- Full name: Imke Glas
- Born: 30 August 1994 (age 32) Broek op Langedijk, Netherlands

Gymnastics career
- Discipline: Women's artistic gymnastics
- Country represented: Netherlands
- Gym: BATO Haarlem
- Head coach: Katarina Sarisska

= Imke Glas =

Dutch artistic gymnast

Imke Glas (born 30 August 1994) is a Dutch artistic gymnast.

==Personal life==
Glas was born on 30 August 1994 in Broek op Langedijk, Netherlands. She has two siblings.

==Gymnastics career==
Glas began gymnastics at the age of three when her parents took her to a local gym, BSV / ODIS. Glas was one of the most promising junior elite gymnasts on the Dutch Junior National Team and was a contender to compete at the 2008 European Junior Gymnastic Championships. However, on 26 October 2007 she was severely injured in an accident on vault.

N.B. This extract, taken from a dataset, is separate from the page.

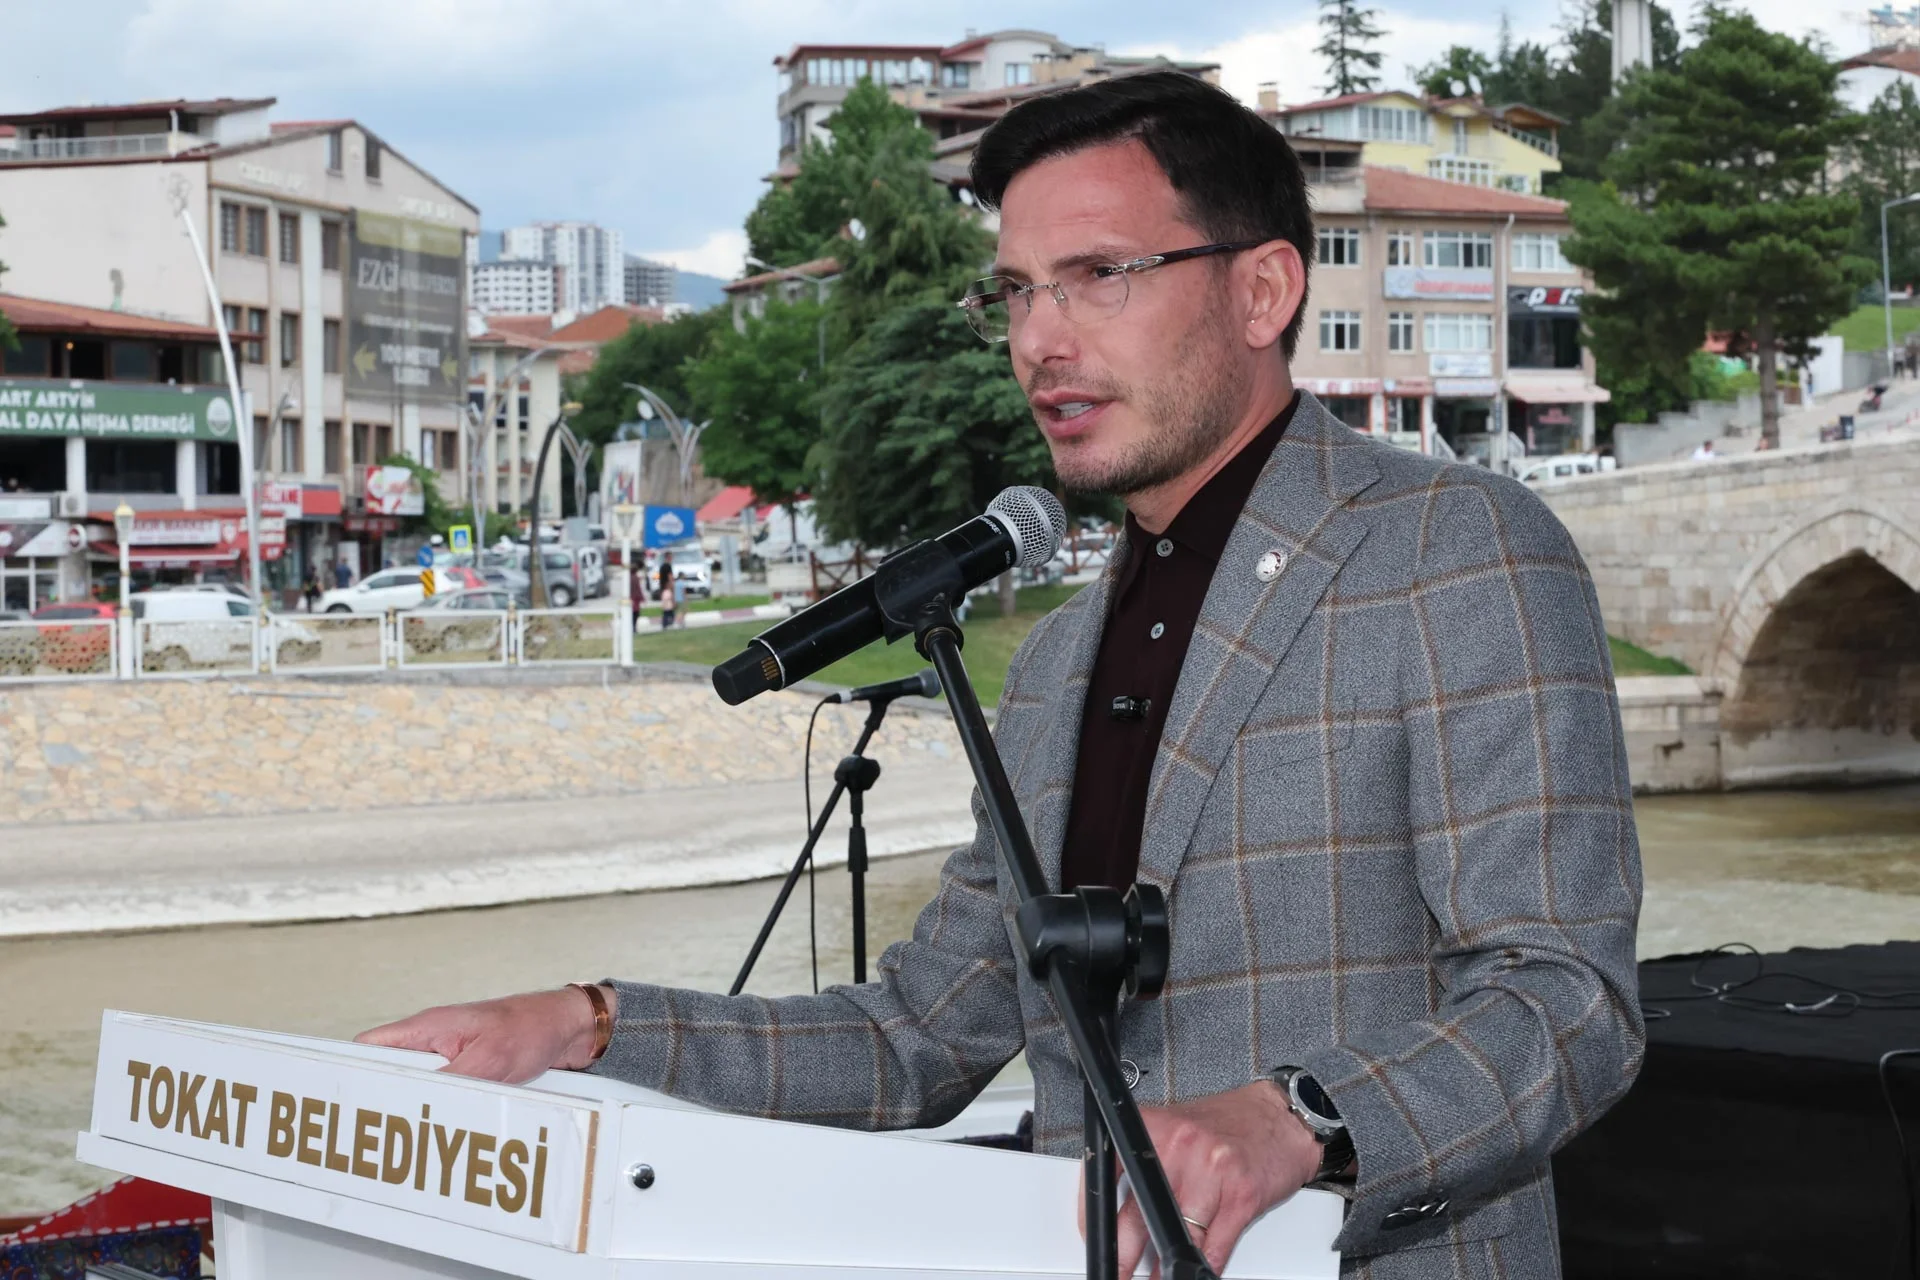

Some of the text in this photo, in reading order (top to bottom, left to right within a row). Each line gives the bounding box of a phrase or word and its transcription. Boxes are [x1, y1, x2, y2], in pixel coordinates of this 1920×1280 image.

[35, 389, 96, 409] ARTVİN
[25, 410, 129, 436] DAYANIŞMA
[131, 412, 196, 434] DERNEĞİ
[127, 1059, 549, 1219] TOKAT BELEDİYESİ

While in training, Glas was performing a round-off half-on, a variation of the Yurchenko type vault, when her hands missed the vault table and she fell on her head. She severely damaged her sixth and seventh cervical vertebrae, warranting extensive surgery in which neurosurgeons took a piece of her hip bone and placed it in her neck for stabilization. Glas and her family were told that she would never walk again, but she made a full recovery and was able to return to participating in gymnastics at a lower level.